- **Task to carry out**
Make an exact copy of all the entries, with the pictures left out.

- **Dataset extract**
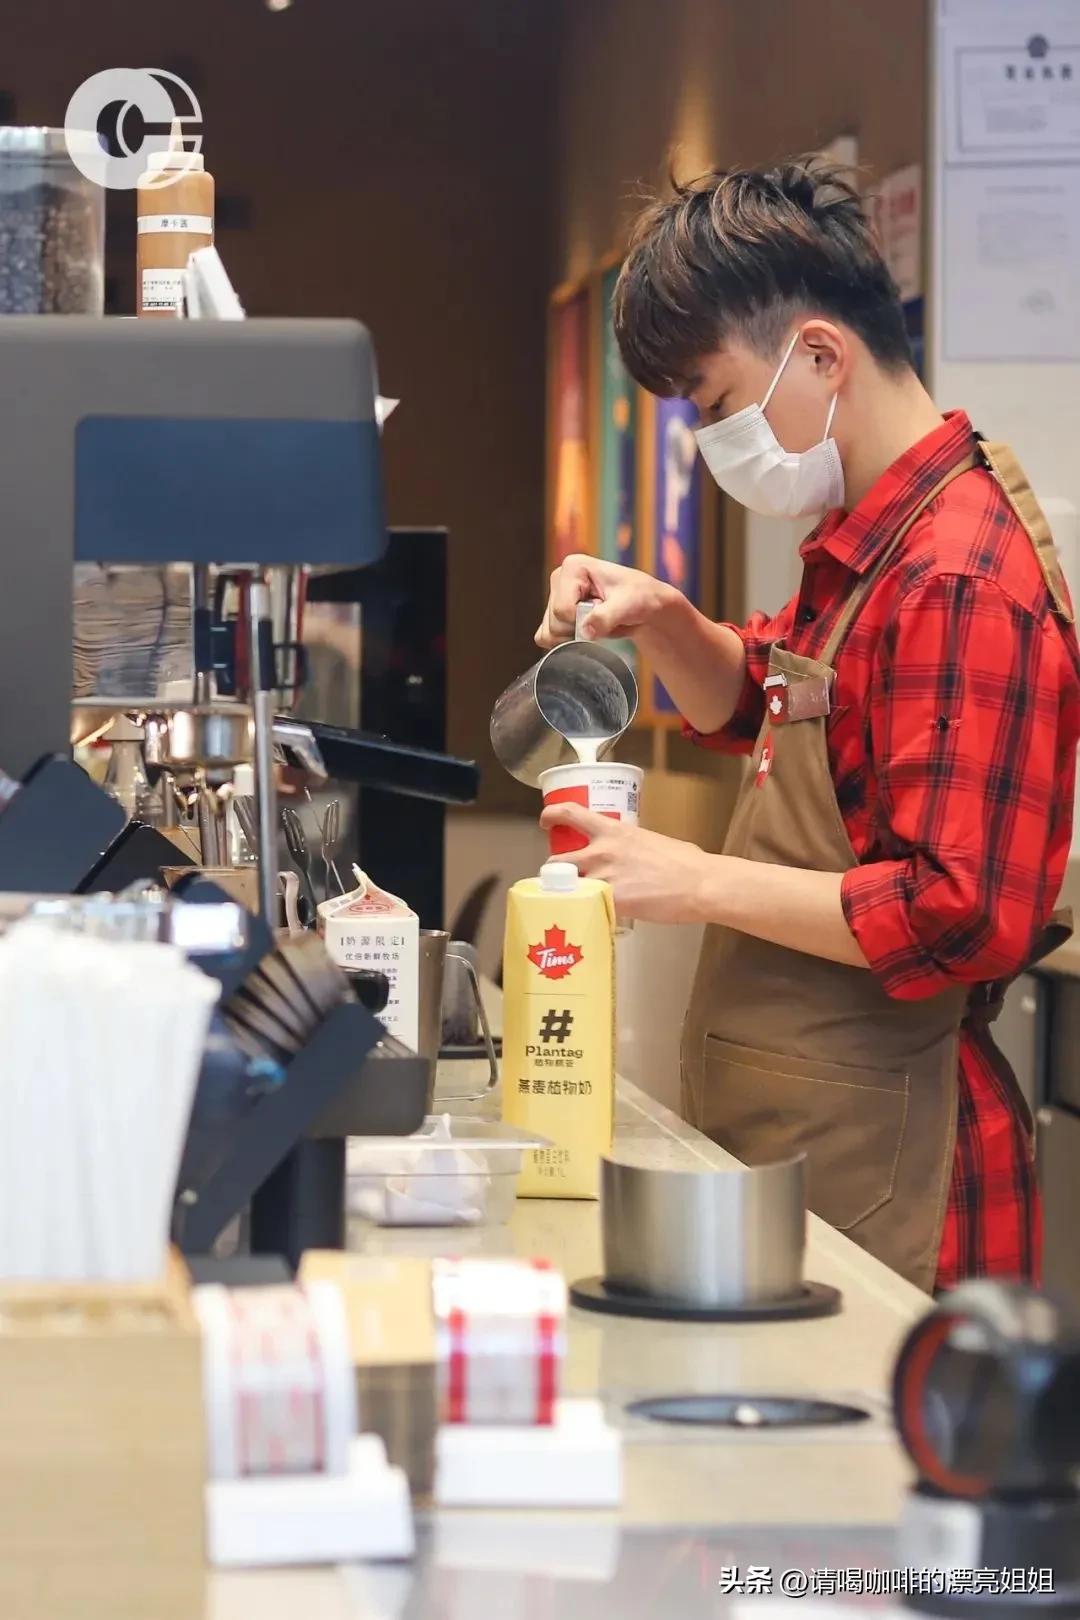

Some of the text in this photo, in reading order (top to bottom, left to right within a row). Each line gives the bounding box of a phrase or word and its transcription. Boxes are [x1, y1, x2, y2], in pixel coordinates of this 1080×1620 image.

[536, 947, 575, 969] Tims
[525, 1045, 583, 1059] Plantag
[518, 1078, 592, 1096] 燕麦植物奶
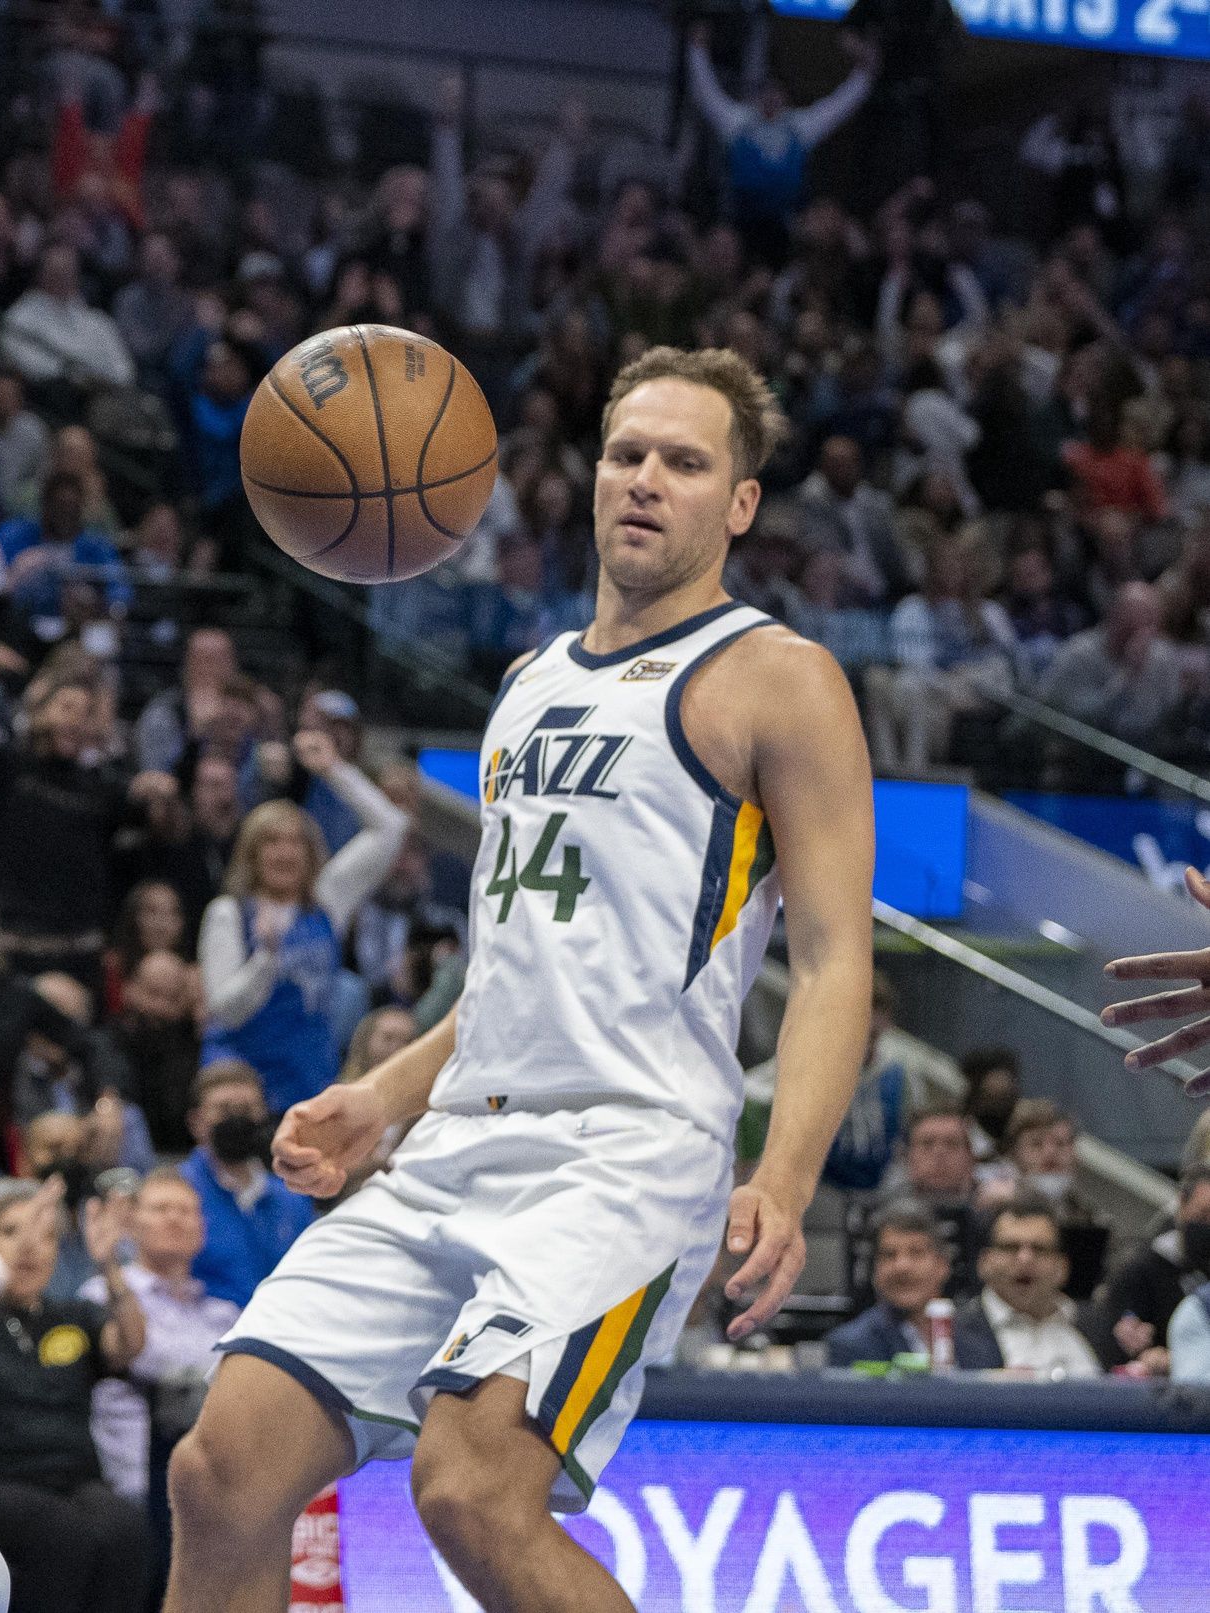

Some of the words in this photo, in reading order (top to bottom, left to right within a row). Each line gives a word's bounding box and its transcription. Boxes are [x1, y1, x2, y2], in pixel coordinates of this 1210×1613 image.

[484, 704, 634, 804] JAZZ
[485, 812, 592, 924] 44
[426, 1485, 1150, 1613] YAGER

- **Your response**
Some of the text in this photo, in reading order (top to bottom, left to right within a row). Each line gives the bounding box of a phrase or word and its transcription. Boxes are [x1, y1, x2, y2], in pixel coordinates of this 1080×1620 image.

[536, 947, 575, 969] Tims
[525, 1045, 583, 1059] Plantag
[518, 1078, 592, 1096] 燕麦植物奶

Some of the words in this photo, in reading order (top to bottom, left to right within a row). Each line gives a word's bounding box and its transcription. Boxes are [x1, y1, x2, y2], in pixel coordinates of this 1210×1613 image.

[484, 704, 634, 804] JAZZ
[485, 812, 592, 924] 44
[426, 1485, 1150, 1613] YAGER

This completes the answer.